Writing code is cheap now
Code vs Software: Cheap Typing, Expensive Thinking
- Many argue that “writing code” has been cheap for years; what’s costly is designing good software, understanding domains, and making correct tradeoffs.
- LLMs mainly remove the time‑consuming “typing” step, not the hard parts: requirements, architecture, edge cases, performance, security.
- Several compare this to outsourcing or McDonalds: it’s always been easy to get lots of mediocre output cheaply; high‑quality work still costs.
Maintenance, Liability, and Technical Debt
- Strong consensus that code is a liability: more LOC means more to understand, test, and maintain, regardless of who wrote it.
- AI accelerates creation of “vibeslop” and prototypes that “sort of work” but are hard to change; reviewers and maintainers bear a growing burden.

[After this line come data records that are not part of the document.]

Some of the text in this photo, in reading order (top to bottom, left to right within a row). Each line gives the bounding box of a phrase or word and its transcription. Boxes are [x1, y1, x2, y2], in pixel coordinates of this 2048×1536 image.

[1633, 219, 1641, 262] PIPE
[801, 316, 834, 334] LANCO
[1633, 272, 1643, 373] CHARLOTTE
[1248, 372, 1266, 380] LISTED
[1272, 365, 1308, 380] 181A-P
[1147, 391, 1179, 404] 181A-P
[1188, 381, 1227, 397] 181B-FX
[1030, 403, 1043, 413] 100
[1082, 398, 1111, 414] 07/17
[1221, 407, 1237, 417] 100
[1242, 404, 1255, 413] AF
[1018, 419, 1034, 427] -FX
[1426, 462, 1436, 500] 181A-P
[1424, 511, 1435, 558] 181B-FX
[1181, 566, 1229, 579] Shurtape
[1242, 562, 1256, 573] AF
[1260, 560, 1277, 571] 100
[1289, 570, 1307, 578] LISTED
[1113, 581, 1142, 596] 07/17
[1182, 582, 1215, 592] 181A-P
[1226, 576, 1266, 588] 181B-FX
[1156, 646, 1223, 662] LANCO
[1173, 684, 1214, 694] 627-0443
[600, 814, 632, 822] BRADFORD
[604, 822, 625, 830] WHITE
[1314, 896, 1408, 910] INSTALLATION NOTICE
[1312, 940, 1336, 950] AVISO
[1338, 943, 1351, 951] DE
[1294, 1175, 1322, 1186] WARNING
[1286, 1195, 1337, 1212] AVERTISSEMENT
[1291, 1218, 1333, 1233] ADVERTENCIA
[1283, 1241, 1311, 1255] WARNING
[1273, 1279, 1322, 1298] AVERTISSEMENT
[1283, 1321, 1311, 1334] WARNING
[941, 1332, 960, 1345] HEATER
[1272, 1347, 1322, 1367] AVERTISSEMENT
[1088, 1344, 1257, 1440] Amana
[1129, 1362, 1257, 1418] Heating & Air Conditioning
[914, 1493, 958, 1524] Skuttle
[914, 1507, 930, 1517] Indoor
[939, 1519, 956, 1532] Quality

- Some foresee more outages and new kinds of risk as agents rewrite critical systems; others think AI will eventually help with maintenance too.

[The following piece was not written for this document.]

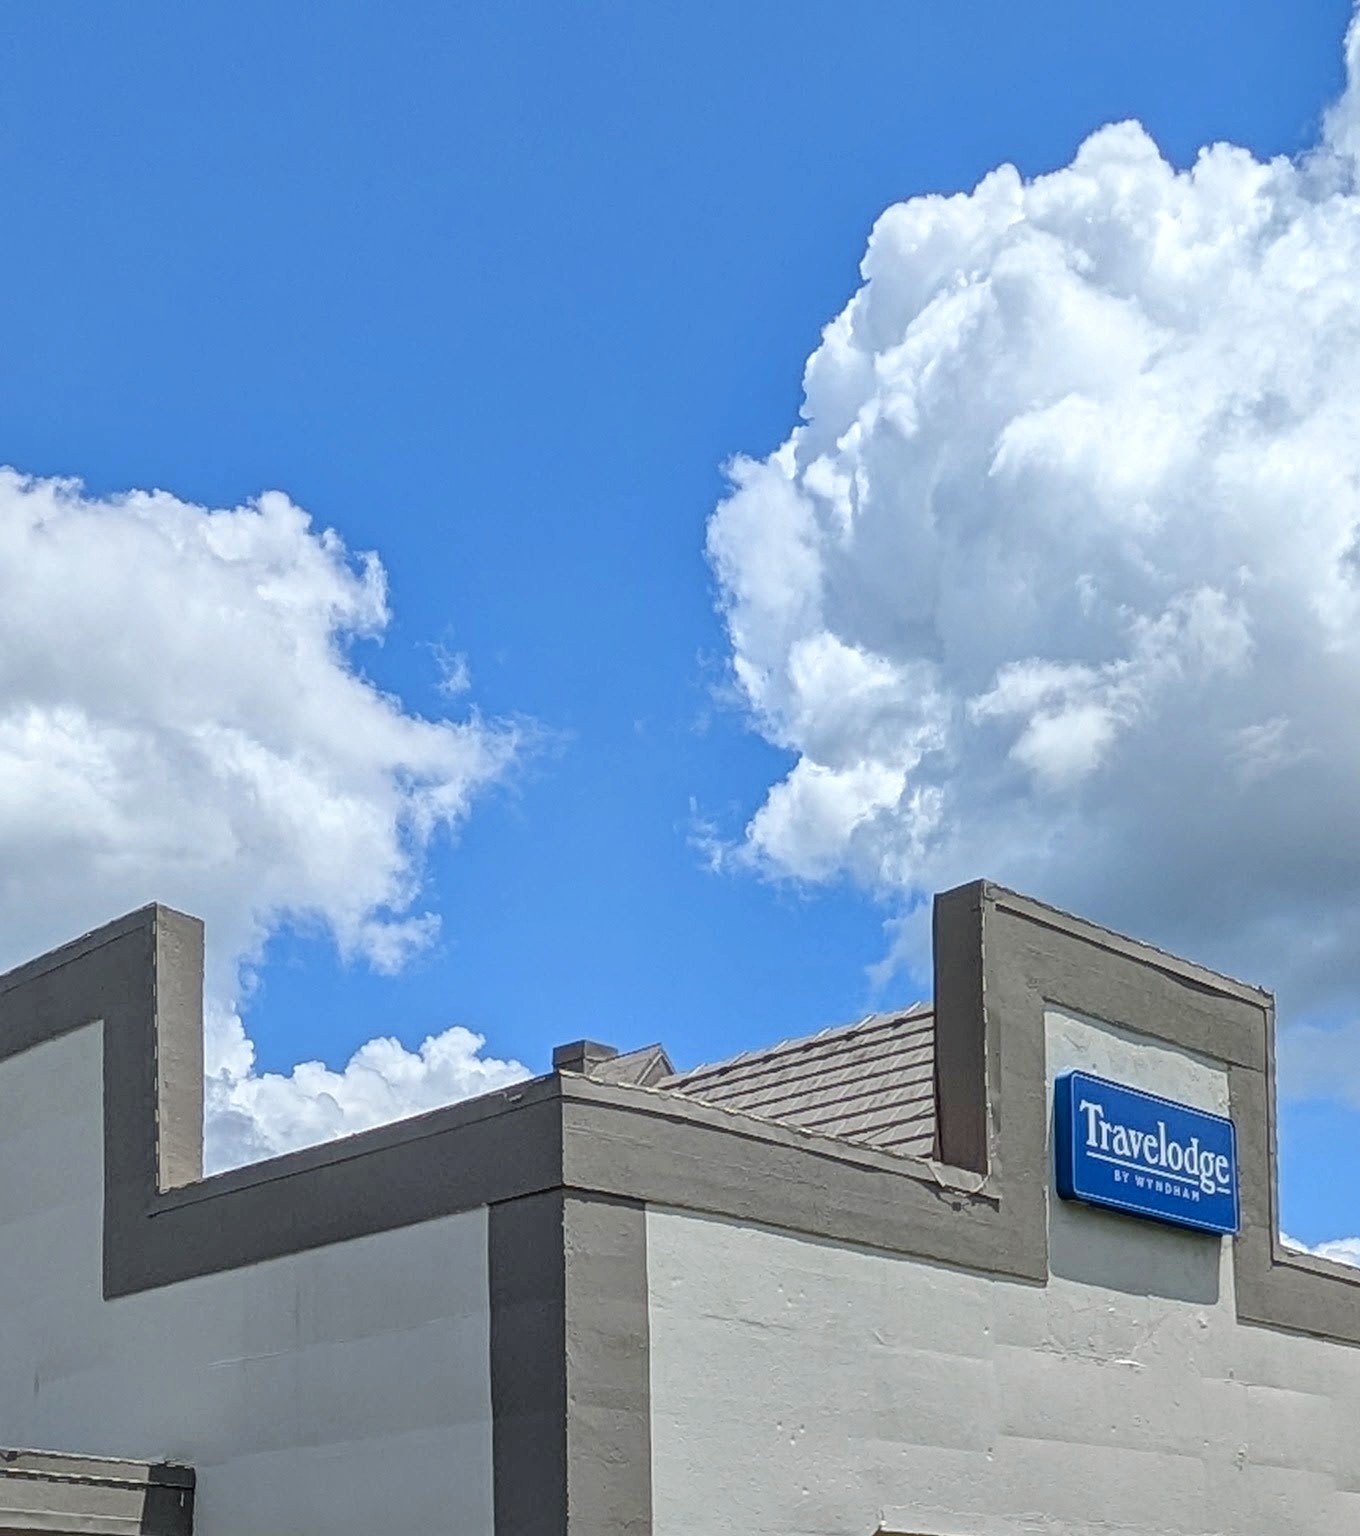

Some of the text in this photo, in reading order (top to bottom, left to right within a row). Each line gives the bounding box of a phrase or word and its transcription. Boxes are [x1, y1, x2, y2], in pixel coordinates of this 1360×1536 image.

[1079, 1099, 1230, 1193] Travelodge
[1114, 1170, 1201, 1202] BY WYNDHAM

- Reading/understanding code remains as expensive as ever, maybe more so when AI produces verbose, over‑abstracted structures.
AI as Autopilot: Where Humans Still Matter
- The pilot/autopilot analogy recurs: AI can fly the happy path (CRUD apps, boilerplate, simple glue code), but humans are needed for messy realities and emergencies.
- Good outcomes require tight human steering: clear specs, tests (often TDD), adversarial review, and careful use of agents rather than blind trust.
- A key new skill is “directing cheap inputs”: using agents to rapidly try approaches, then judging which won’t explode later.
Prototypes, Throwaway Code, and System Design
- Cheap code makes multi‑prototype exploration viable: build three versions in a day and pick one.
- Others warn that if you never personally wrestle with the problem, you don’t develop taste or understanding; the process, not the artifacts, teaches you.
- Some advocate “tracer bullets” and eval‑driven development: quick, end‑to‑end slices that are intended to be kept, not disposable demos.
Jobs, Skills, and Market Dynamics
- Commenters expect fewer roles for “ditch digger” programmers who just translate specs to code; top‑tier designers/architects remain in demand.
- Bootcamp‑style “I can type the code” skills are seen as commoditized; domain understanding, system thinking, and reliability judgment are the real moats.
- Debate continues on whether productivity gains are visible yet and how much AI will compress demand for mid‑level developers.